## Work item
Print the entire listing below word for word, excluding its pictures.
┄┄┄┄┄┄┄┄┄┄┄┄┄┄┄┄┄┄┄┄
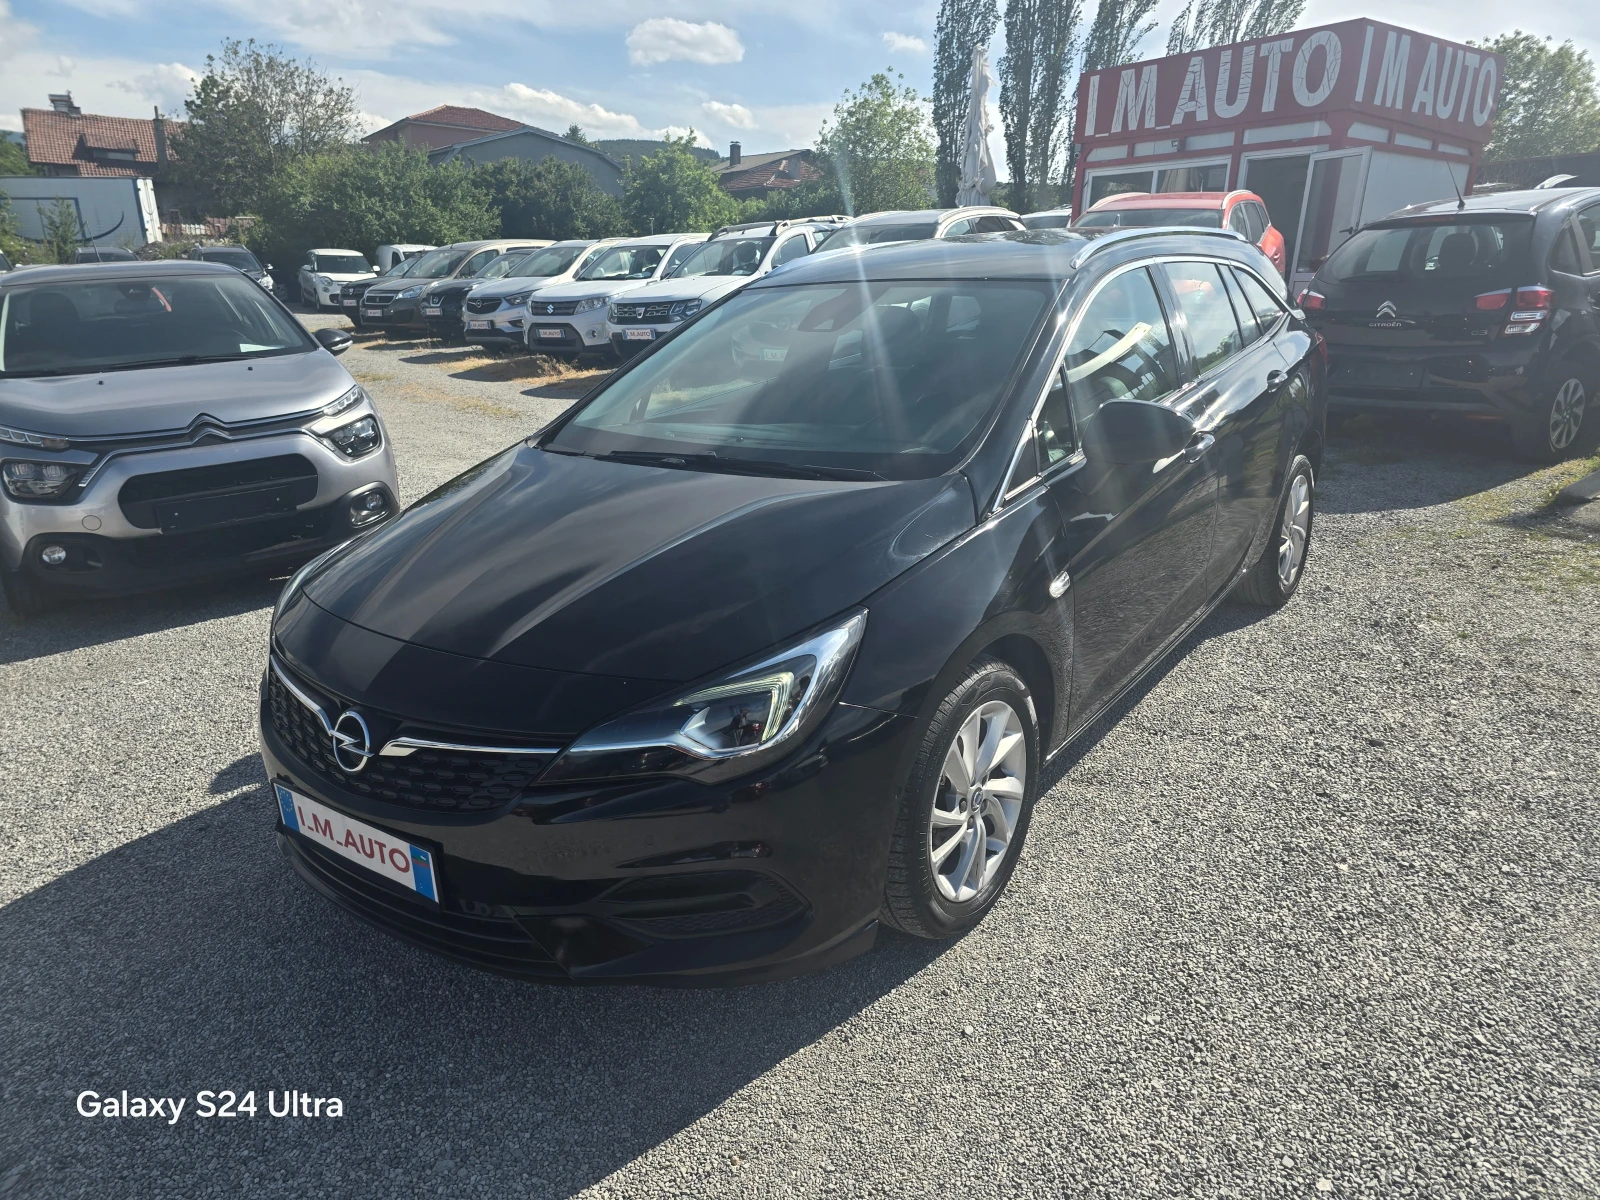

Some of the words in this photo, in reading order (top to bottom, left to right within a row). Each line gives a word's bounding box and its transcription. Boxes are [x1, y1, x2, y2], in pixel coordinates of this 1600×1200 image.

[1355, 25, 1374, 103] I
[1373, 30, 1412, 110] M
[1411, 42, 1497, 127] AUTO
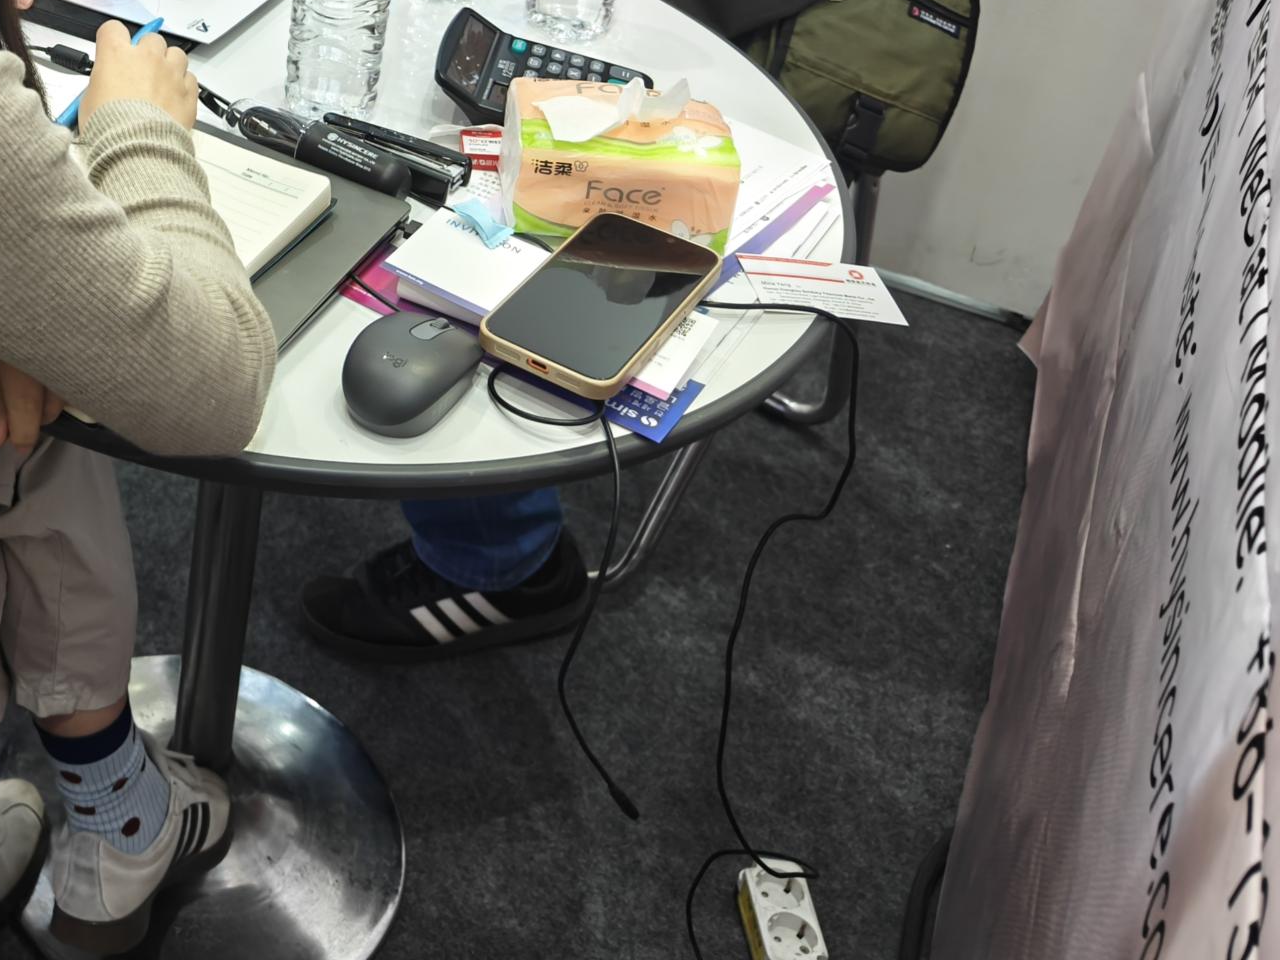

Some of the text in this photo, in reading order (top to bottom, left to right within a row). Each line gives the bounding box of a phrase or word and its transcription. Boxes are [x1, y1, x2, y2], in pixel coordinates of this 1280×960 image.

[533, 159, 573, 177] 洁柔
[585, 180, 663, 206] Face
[1175, 174, 1216, 385] site:
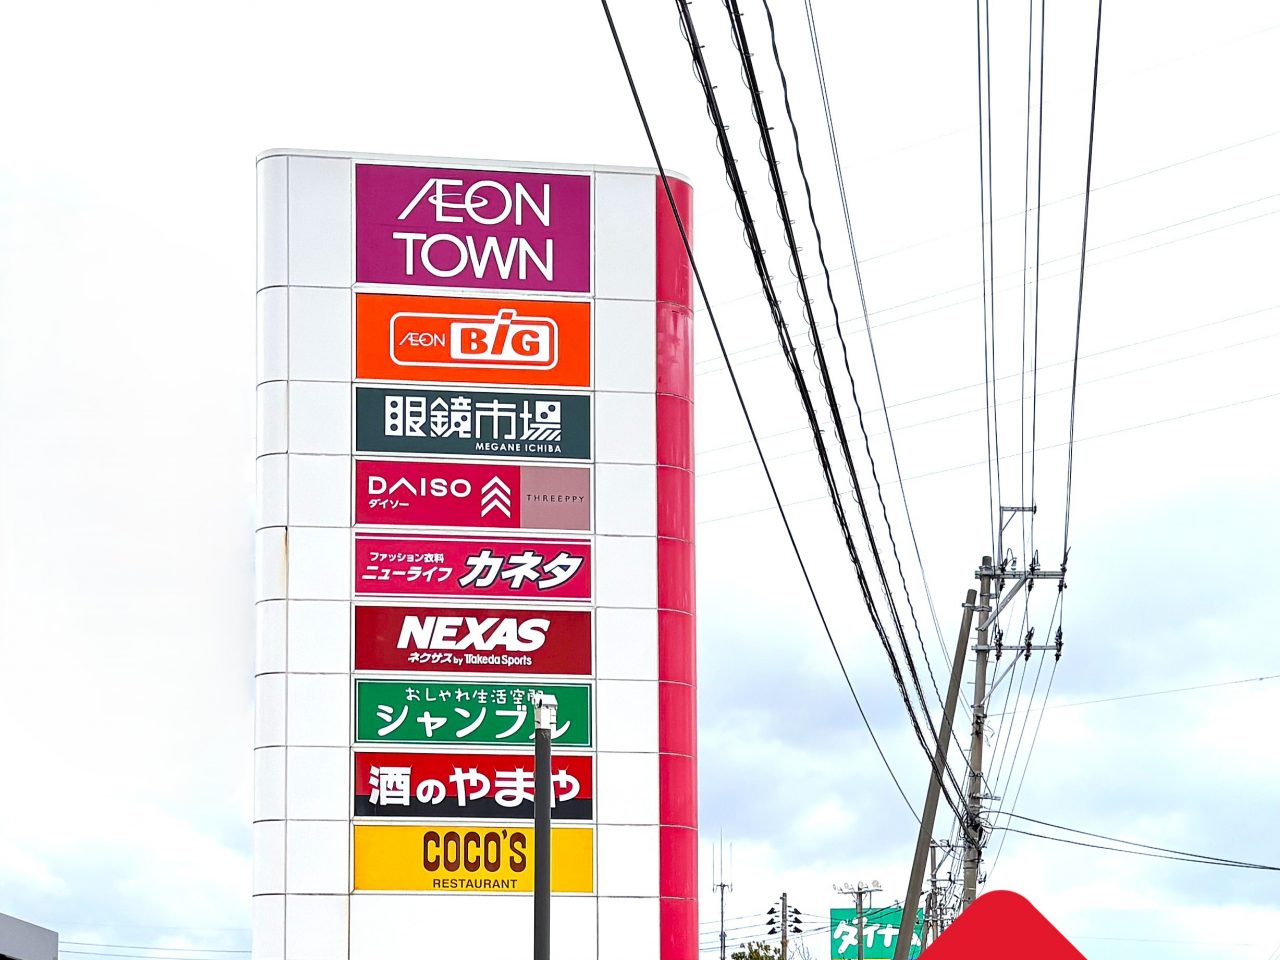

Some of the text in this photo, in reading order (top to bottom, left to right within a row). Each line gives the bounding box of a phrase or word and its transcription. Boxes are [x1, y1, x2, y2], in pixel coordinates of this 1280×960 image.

[392, 231, 553, 281] TOWN
[384, 395, 561, 441] 眼鏡市場
[475, 442, 562, 453] MEGANE ICHIBA
[368, 475, 472, 497] DAISO
[368, 499, 409, 510] ダイソー
[526, 494, 585, 503] THREEPPY
[369, 551, 444, 564] ファッション衣料
[362, 565, 454, 583] ニューライフ
[458, 550, 585, 589] カネタ
[397, 615, 550, 652] NEXAS
[407, 652, 533, 667] ネクサス by Takeda Sports
[368, 764, 581, 809] 酒のやまや
[423, 830, 527, 873] COCO'S
[432, 879, 518, 889] RESTAURANT
[833, 918, 921, 954] ダイナ
┄┄┄┄┄┄┄┄┄┄┄┄┄┄┄┄┄┄┄┄
## Response area
Some of the words in this photo, in reading order (top to bottom, left to right within a row). Each line gives a word's bounding box and its transcription. Boxes are [x1, y1, x2, y2], in pixel coordinates of this 1600×1200 image.

[1355, 25, 1374, 103] I
[1373, 30, 1412, 110] M
[1411, 42, 1497, 127] AUTO

Some of the text in this photo, in reading order (top to bottom, left to right within a row). Each line gives the bounding box of a phrase or word and its transcription. Boxes are [x1, y1, x2, y2], in pixel coordinates of this 1280×960 image.

[533, 159, 573, 177] 洁柔
[585, 180, 663, 206] Face
[1175, 174, 1216, 385] site:

Some of the text in this photo, in reading order (top to bottom, left to right within a row). Each line gives the bounding box of a phrase or word and its transcription. Boxes are [x1, y1, x2, y2], in pixel coordinates of this 1280×960 image.

[392, 231, 553, 281] TOWN
[384, 395, 561, 441] 眼鏡市場
[475, 442, 562, 453] MEGANE ICHIBA
[368, 475, 472, 497] DAISO
[368, 499, 409, 510] ダイソー
[526, 494, 585, 503] THREEPPY
[369, 551, 444, 564] ファッション衣料
[362, 565, 454, 583] ニューライフ
[458, 550, 585, 589] カネタ
[397, 615, 550, 652] NEXAS
[407, 652, 533, 667] ネクサス by Takeda Sports
[368, 764, 581, 809] 酒のやまや
[423, 830, 527, 873] COCO'S
[432, 879, 518, 889] RESTAURANT
[833, 918, 921, 954] ダイナ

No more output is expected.